A week ago, a photographer friend introduced me to another contemporary poet and writer when he read my blogs on Mary Oliver.  I’m hooked reading quotes that I found  on the net.  Naomi Shihab Nye was born to a Palestinian father and an American mother.

Let me quote some of her poems that really touched me:

“Kindness

Before you know what kindness really is
you must lose things,
feel the future dissolve in a moment
like salt in a weakened broth.
What you held in your hand,
what you counted and carefully saved,
all this must go so you know
how desolate the landscape can be
between the regions of kindness.
How you ride and ride
thinking the bus will never stop,
the passengers eating maize and chicken
will stare out the window forever.

Before you learn the tender gravity of kindness,
you must travel where the Indian in a white poncho
lies dead by the side of the road.
You must see how this could be you,
how he too was someone
who journeyed through the night with plans
and the simple breath that kept him alive.

Before you know kindness as the deepest thing
inside,
you must know sorrow as the other deepest thing.
You must wake up with sorrow.
You must speak to it till your voice
catches the thread of all sorrows
and you see the size of the cloth.

Then it is only kindness that makes sense anymore,
only kindness that ties your shoes
and sends you out into the day to mail letters and
purchase bread,
only kindness that raises its head
from the crowd of the world to say
It is I  you have been looking for,
and then goes with you everywhere
like a shadow or a friend.

And here’s her thought on reading:

“I love the solitude of reading.
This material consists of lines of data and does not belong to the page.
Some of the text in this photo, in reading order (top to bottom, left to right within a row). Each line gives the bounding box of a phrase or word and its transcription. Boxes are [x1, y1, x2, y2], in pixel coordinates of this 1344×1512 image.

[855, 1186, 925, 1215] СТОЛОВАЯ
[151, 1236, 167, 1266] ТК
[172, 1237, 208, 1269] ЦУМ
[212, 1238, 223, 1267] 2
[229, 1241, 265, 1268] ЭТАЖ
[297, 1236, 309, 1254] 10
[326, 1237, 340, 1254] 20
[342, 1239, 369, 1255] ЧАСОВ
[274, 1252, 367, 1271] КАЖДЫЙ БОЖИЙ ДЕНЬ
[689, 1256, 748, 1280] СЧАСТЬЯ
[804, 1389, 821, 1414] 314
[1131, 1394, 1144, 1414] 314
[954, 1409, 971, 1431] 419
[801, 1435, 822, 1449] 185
I love the deep dive into someone else’s story, the delicious ache of a last page.”

I really could relate to her because  when I  read, I am transported to  another world –  a world of fantasy or make-belief, a world of triumph or defeat, a world of happiness or loneliness but despite all these, I am mesmerized, feeling as if I were there in one particular place, feeling as if the pain and hurts are my  own and the triumphs are a joyous celebration of life.
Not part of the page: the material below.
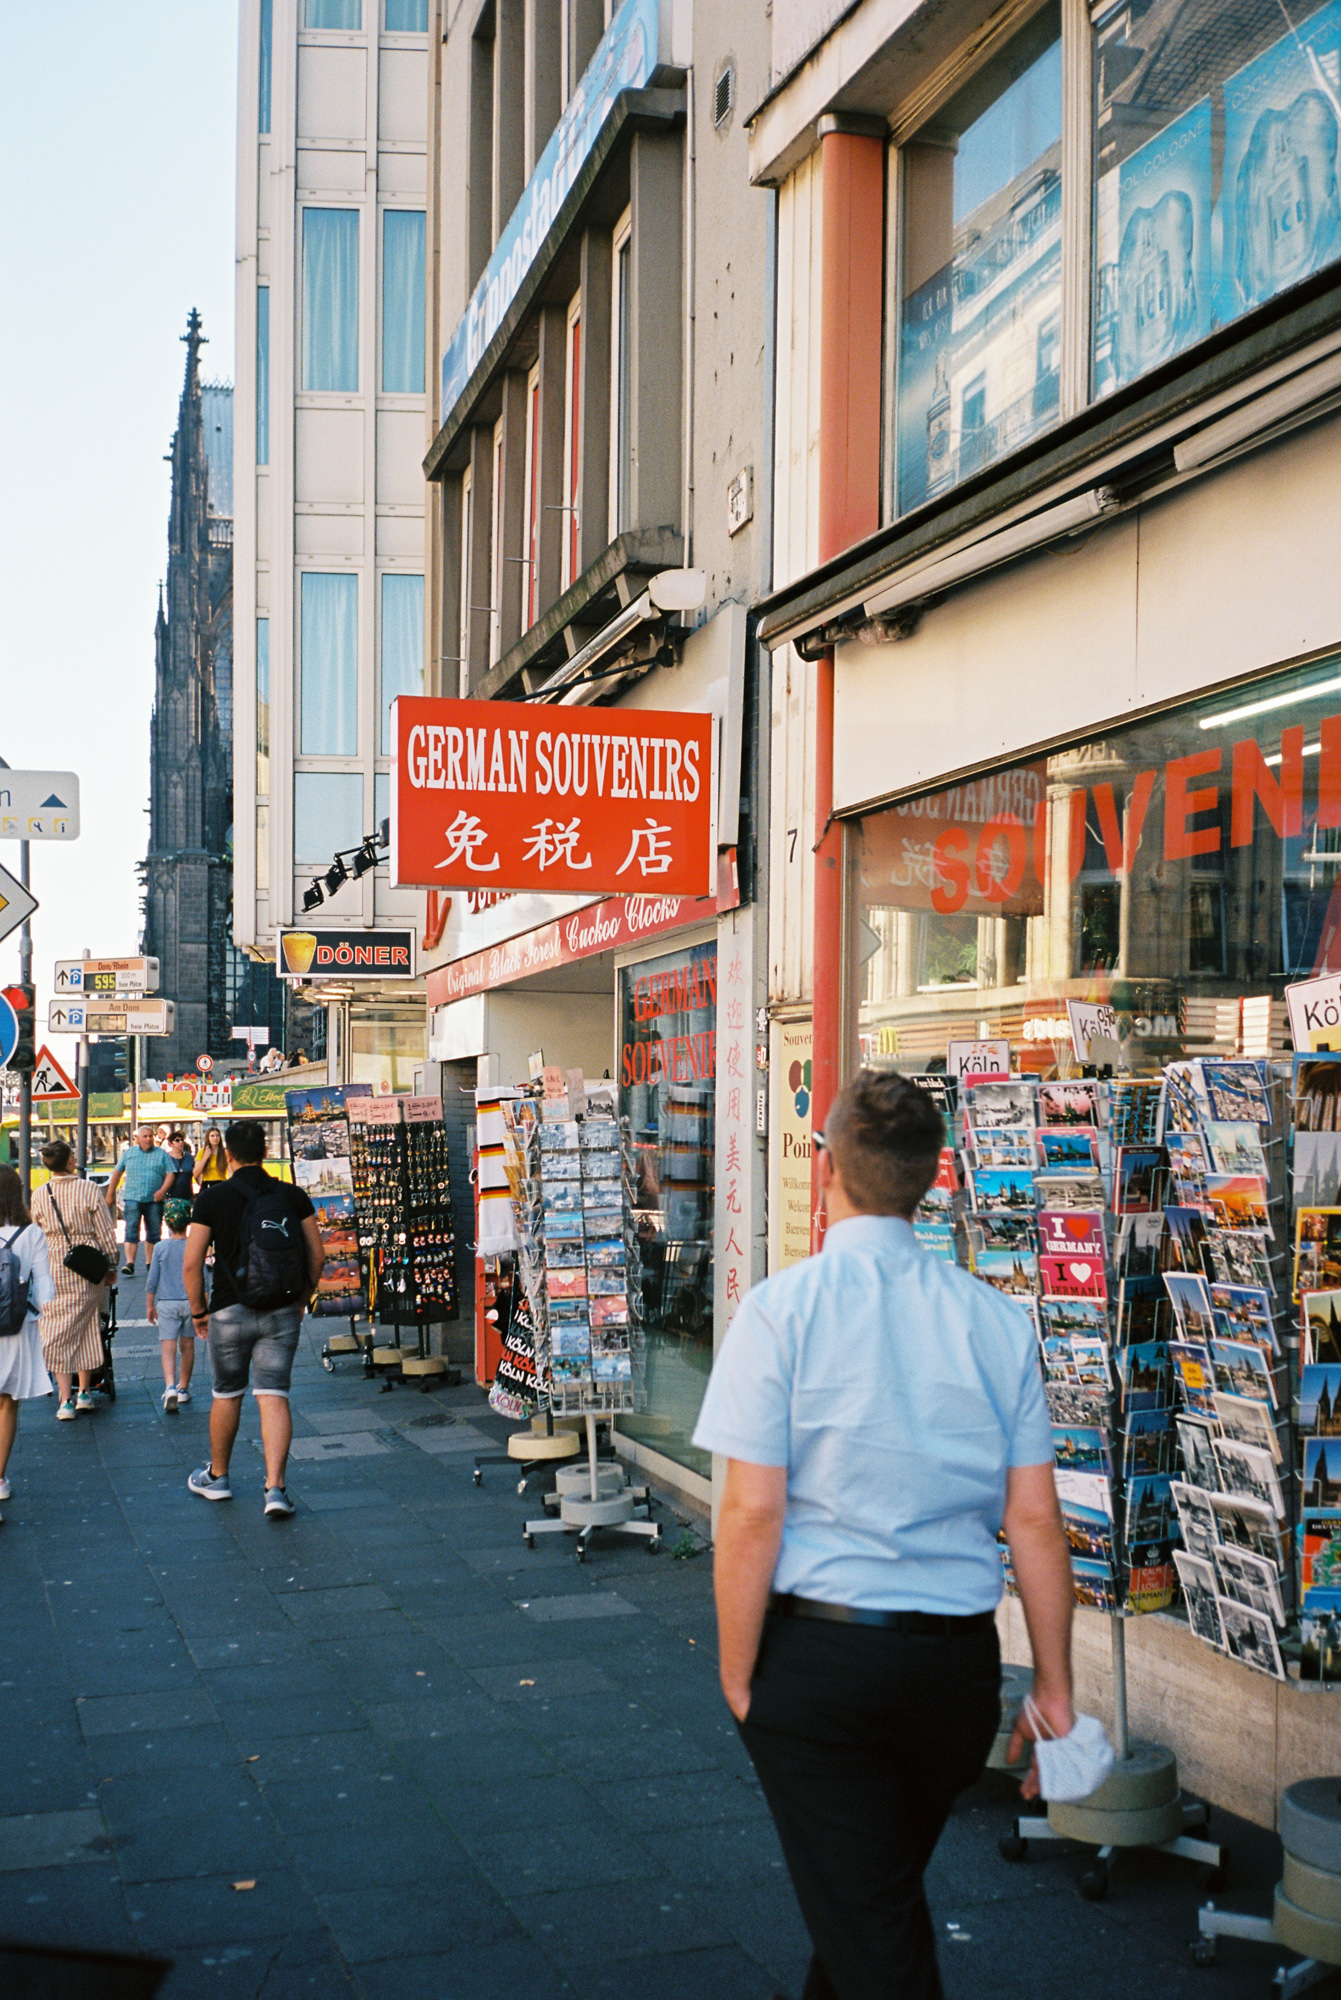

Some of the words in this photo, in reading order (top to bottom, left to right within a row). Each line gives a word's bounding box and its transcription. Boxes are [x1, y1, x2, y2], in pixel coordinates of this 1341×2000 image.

And here’s another line  I like:

“It is really hard to be lonely very long in a world of words. Even if you don’t have friends somewhere, you still have language, and it will find you and wrap its little syllables around you and suddenly there will be a story to live in. ”  

I agree.

Words.

Meanings.

A jumble of lovely thoughts that fills one’s  mind and feeds one’s  soul. Again I wish I could find some of her book of poems, one I could read again and again, one I could be friends with when I feel alone.